Foi a consciência do chão como apoio o que me trouxe de volta daquele segundo onde eu atravessava muito rapidamente a ponte entre terra e céu. A terra soberana me puxou pros seus braços. Exú terá que esperar um tanto mais pra me levar nesse passeio entremundos. O quadril-terra-âncora era peso e presença compacta e estática. Impossível levantar e nenhum desejo por levantar. Eu era chão. E tava tudo bem, tava tudo muito bem. O meu lugar era ali, daquele jeito.
Eu continuava dançando, agora sentada, de braços pro alto, louvando aquele agora, com respeito pelo momento, que era solene, grandioso. O mundo dançava ao meu redor e não havia medo algum. Eu me sentia protegida pela minha tribo.
Do chão-casa eu olhava pra cima e via as mulheres-amigas girando e dançando em volta de mim-chão. Mais acima de todas nós, a Lua, emoldurada pela cúpula aberta daquele imenso templo-estádio. Ao redor de todos, o Espaço, ocupado pelo guru-Gil, que nos inebriava com sua música e o seu/nosso Tempo Rei. Um ritual. O Tempo, o tempo de dar tempo pra ouvir o chão. O chão que me queria muito muito muito. Fui sua por quase uma hora. E me lembrei daquele segundo em que eu subia rápido demais e o chão me puxou, me quis aqui com vontade. Senti o seu amor por mim. O chão quer me ensinar tanto, quer me cuidar tanto…
Fui cuidada.

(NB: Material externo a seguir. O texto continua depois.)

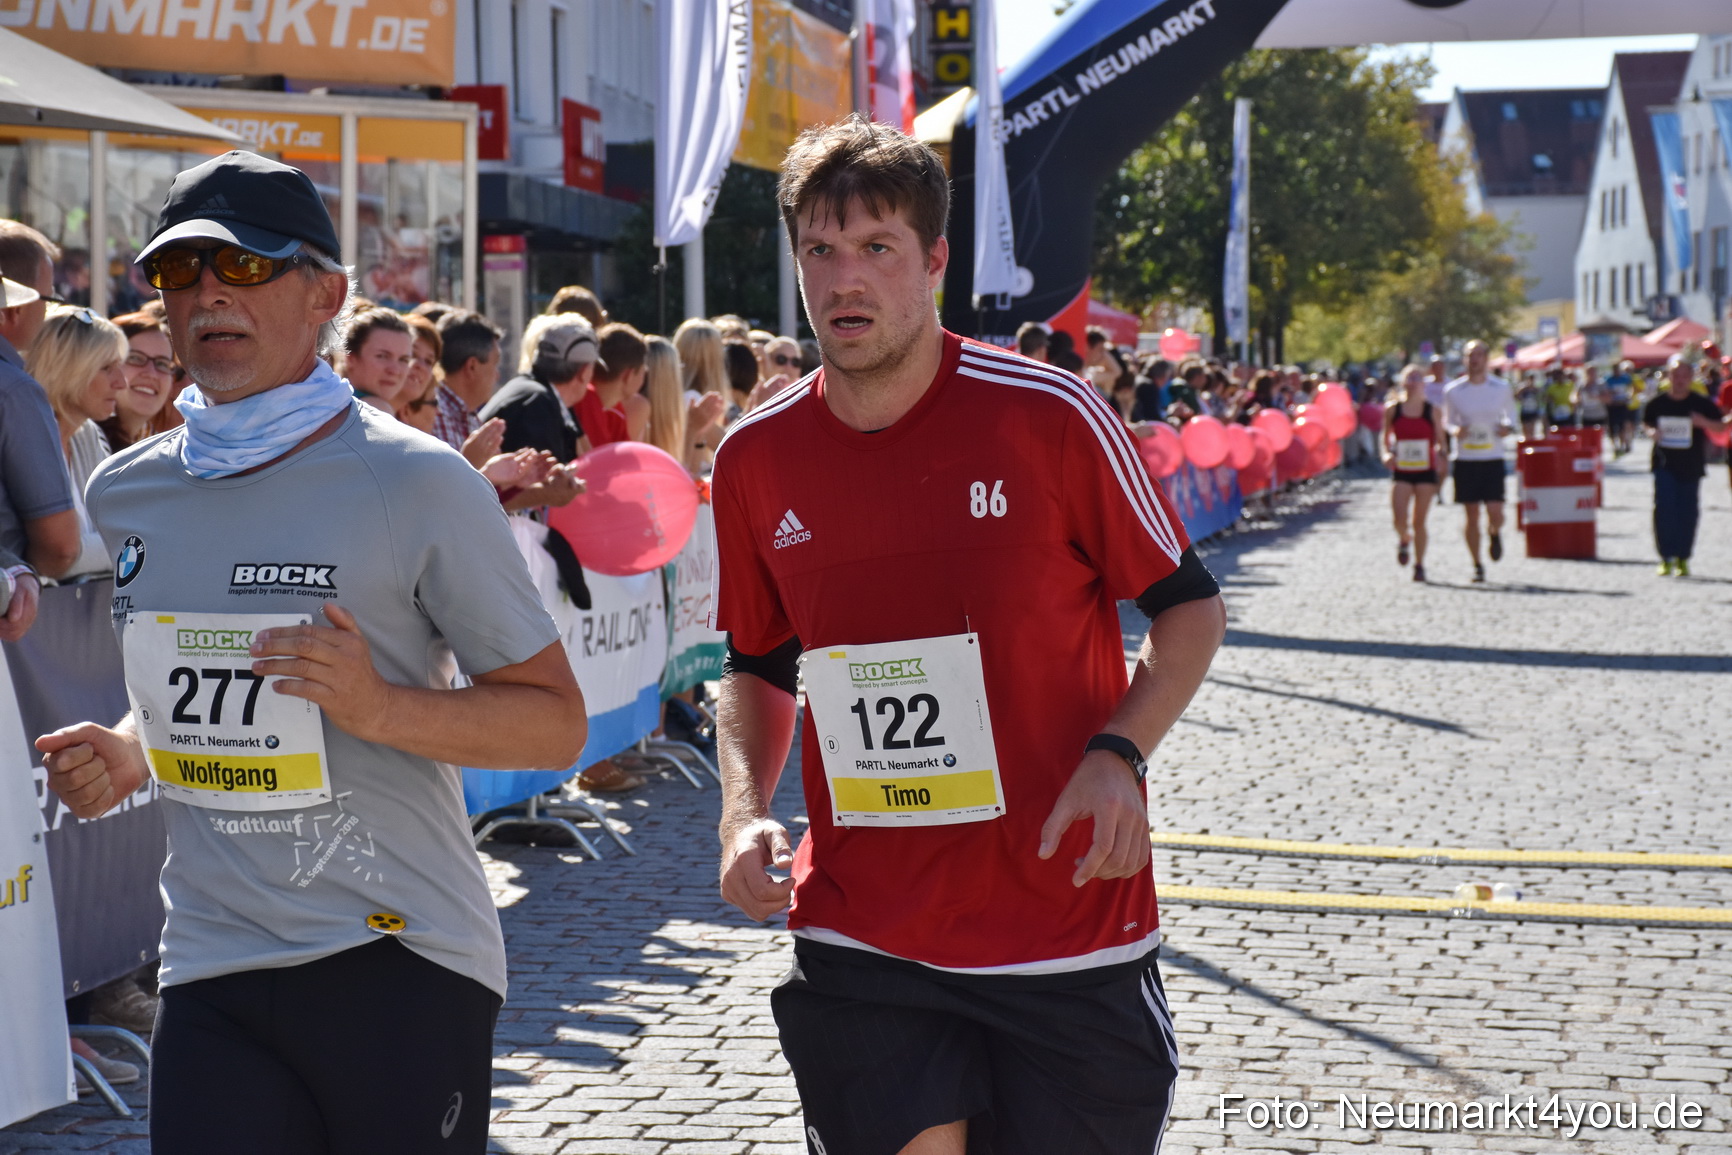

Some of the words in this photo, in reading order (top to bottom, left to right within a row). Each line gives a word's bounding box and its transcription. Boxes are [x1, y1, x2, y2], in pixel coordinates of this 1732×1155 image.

[1001, 85, 1082, 145] PARTL
[1075, 0, 1217, 95] NEUMARKT
[193, 208, 236, 216] adidas
[969, 480, 1008, 519] 86
[773, 529, 812, 550] adidas
[230, 563, 338, 589] BOCK
[228, 587, 257, 597] inspired
[258, 587, 268, 596] by
[296, 589, 338, 600] concepts
[177, 629, 253, 650] BOCK
[177, 650, 201, 658] inspired
[202, 650, 210, 658] by
[849, 658, 926, 681] BOCK
[899, 677, 928, 686] concepts
[168, 666, 265, 726] 277
[850, 693, 946, 750] 122
[170, 733, 206, 746] PARTL
[207, 735, 261, 748] Neumarkt
[177, 759, 278, 791] Wolfgang
[855, 760, 886, 771] PARTL
[888, 758, 940, 770] Neumarkt
[880, 783, 931, 807] Timo
[209, 813, 304, 837] Stadtlauf
[297, 878, 312, 888] 16.
[306, 832, 343, 880] September
[339, 815, 360, 836] 2018

Pelas mulheres lindas loucas amorosas extasiadas bacantes de Dioniso-Gil, fêmeas humanas que representavam ali toda a humanidade. Ainda que a própria humanidade também estivesse ali, com cuidados de hospital que agradeci mas dispensei. Eles não faziam ideia das tantas medicinas que eu recebia do chão. Meu corpo apoiado e seguro se nutria de chão desde as vísceras até os ossos. E eu recebia, recebia, recebia, cuidada e nutrida pela minha tribo.

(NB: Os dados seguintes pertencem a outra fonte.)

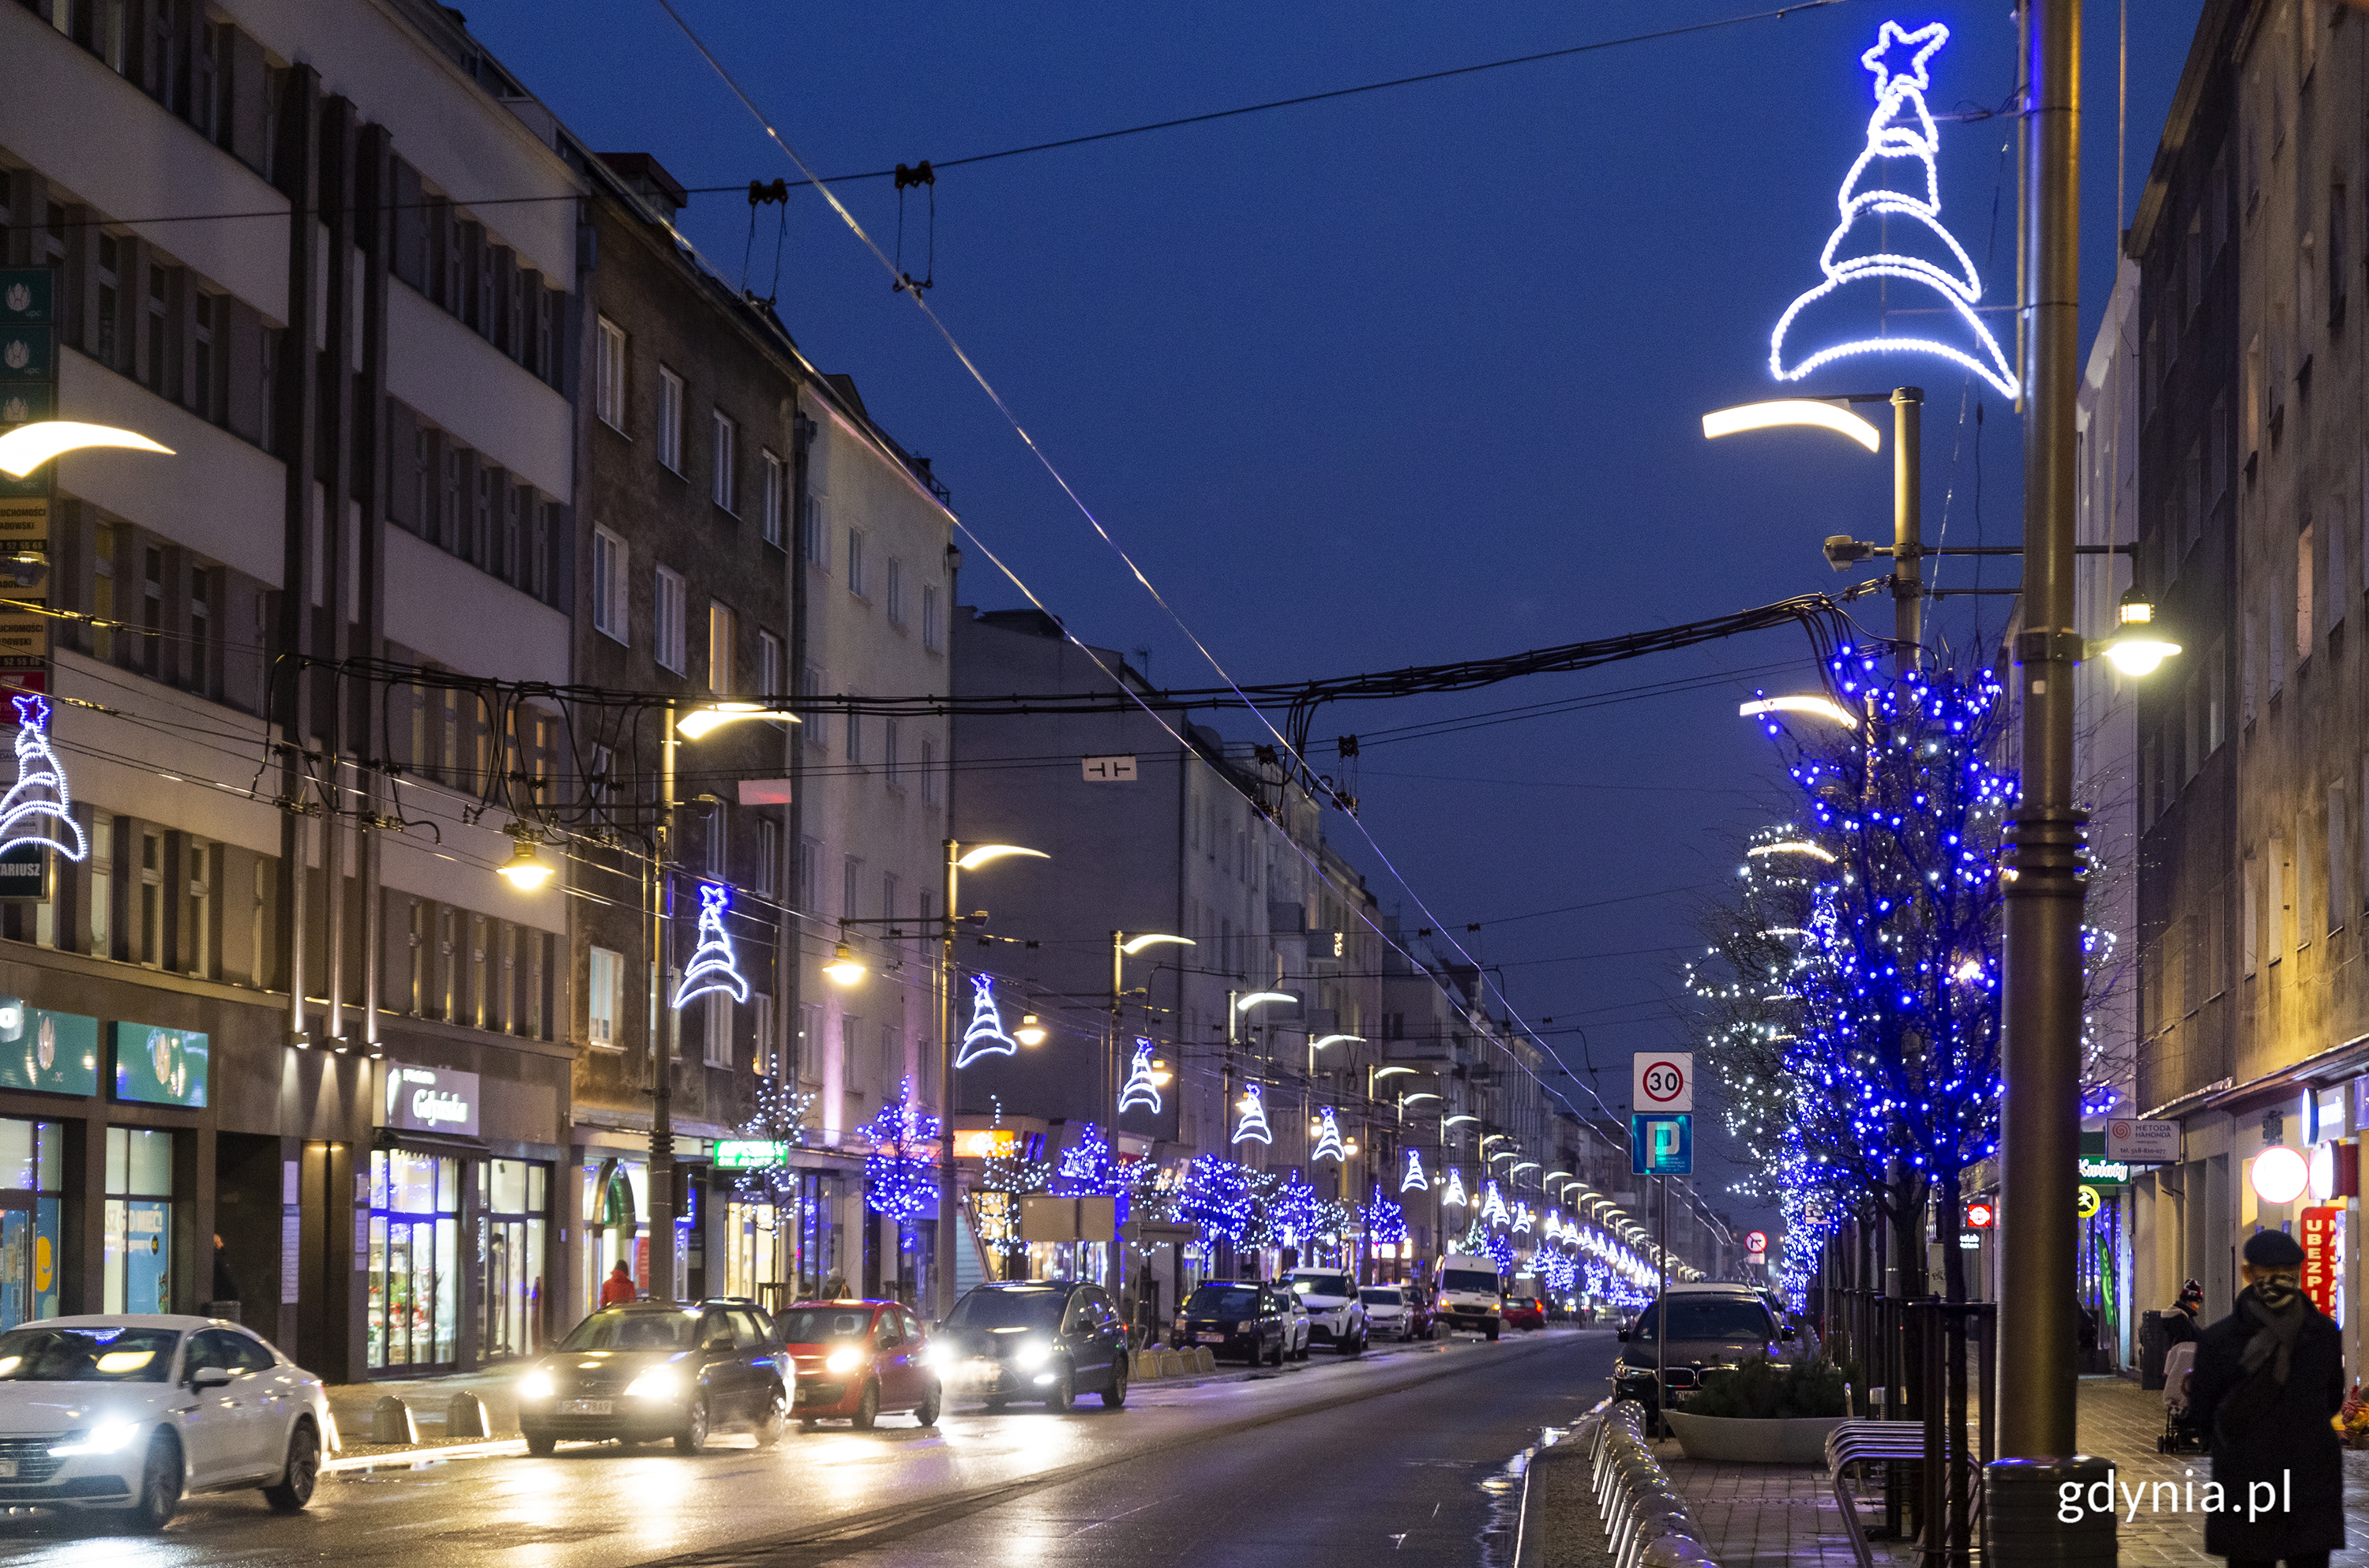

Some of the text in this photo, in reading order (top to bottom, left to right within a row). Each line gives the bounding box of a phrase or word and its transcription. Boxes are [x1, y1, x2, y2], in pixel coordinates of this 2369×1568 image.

[25, 309, 42, 319] upc
[0, 506, 46, 517] UCHOMOŚCI
[0, 863, 40, 876] ARIUSZ
[1649, 1072, 1678, 1091] 30
[1646, 1121, 1680, 1168] P
[2078, 1158, 2129, 1182] Kwiaty
[2306, 1219, 2323, 1311] UBEZPI

Ali, diante de testemunhas, o mundo-chão-casa-Terra-Gaia me recebeu e me refez. Sentada no meio da ciranda de mulheres, eu recebia e aceitava. Aceitava a cura funda da dor e do terror absolutamente solitários, de ser mãe da loucura, de encarar e amar a loucura, uma experiência extrema que fez casa nos meus ossos, e antes, nos ossos de minha avó. Sem saber, as mulheres-amigas dançavam em volta de ossos exaustos e aterrorizados que eram refeitos ali com novas substâncias. A terra-mãe engoliu e levou pra longe tudo de denso que Saturno, o Deus do Tempo cronológico , guardara nos meus ossos. Eu me curvei diante dele, humilde, húmus, humana, terra, pedindo a sua benção. Ele me abençoou, me banhou de chão e me liberou: “É findo o Tempo da dor filha”.

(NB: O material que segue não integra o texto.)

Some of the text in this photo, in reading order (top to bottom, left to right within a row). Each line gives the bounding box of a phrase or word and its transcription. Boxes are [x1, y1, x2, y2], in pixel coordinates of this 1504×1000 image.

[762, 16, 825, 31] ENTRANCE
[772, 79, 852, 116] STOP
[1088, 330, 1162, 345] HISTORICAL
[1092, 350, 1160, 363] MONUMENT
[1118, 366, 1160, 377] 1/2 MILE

O show terminou e o show da vida continua. E um esqueleto amado e acolhido emerge do chão e sobe pra Vida!Levanto do chão no meu Tempo, e amiga dele demais. Levanto Outra. Olho meus pares. Sou gratidão e regozijo. Elas se asseguram que eu estou de fato bem e vamos juntas comer, nutrir nossos corpos extasiados e famintos. Não sem antes caminhar pelas ruas de Brasília, pela madrugada, nos somando a procissão de público-bacante que saia do estádio.
É quando a violência humana emerge na madrugada na figura de uma jovem-mulher-fúria-bandida-faminta que urra a sua dor-sem chão bem do nosso lado. Narrativa realista: pessoa de rua roubando. Mas ha sempre muitas outras realidades. A cena é tensa, há confusão, agressão, medo. É quando a onça-mulher-fúria salta pra cima de outra que é jogada ao chão, como eu fora pouco antes. Num segundo, vejo golpes e chutes, e salto, também eu bicho, nas costas da mulher-revolta segurando-a pra impedir o massacre da outra-ela mesma? Somos todas uma.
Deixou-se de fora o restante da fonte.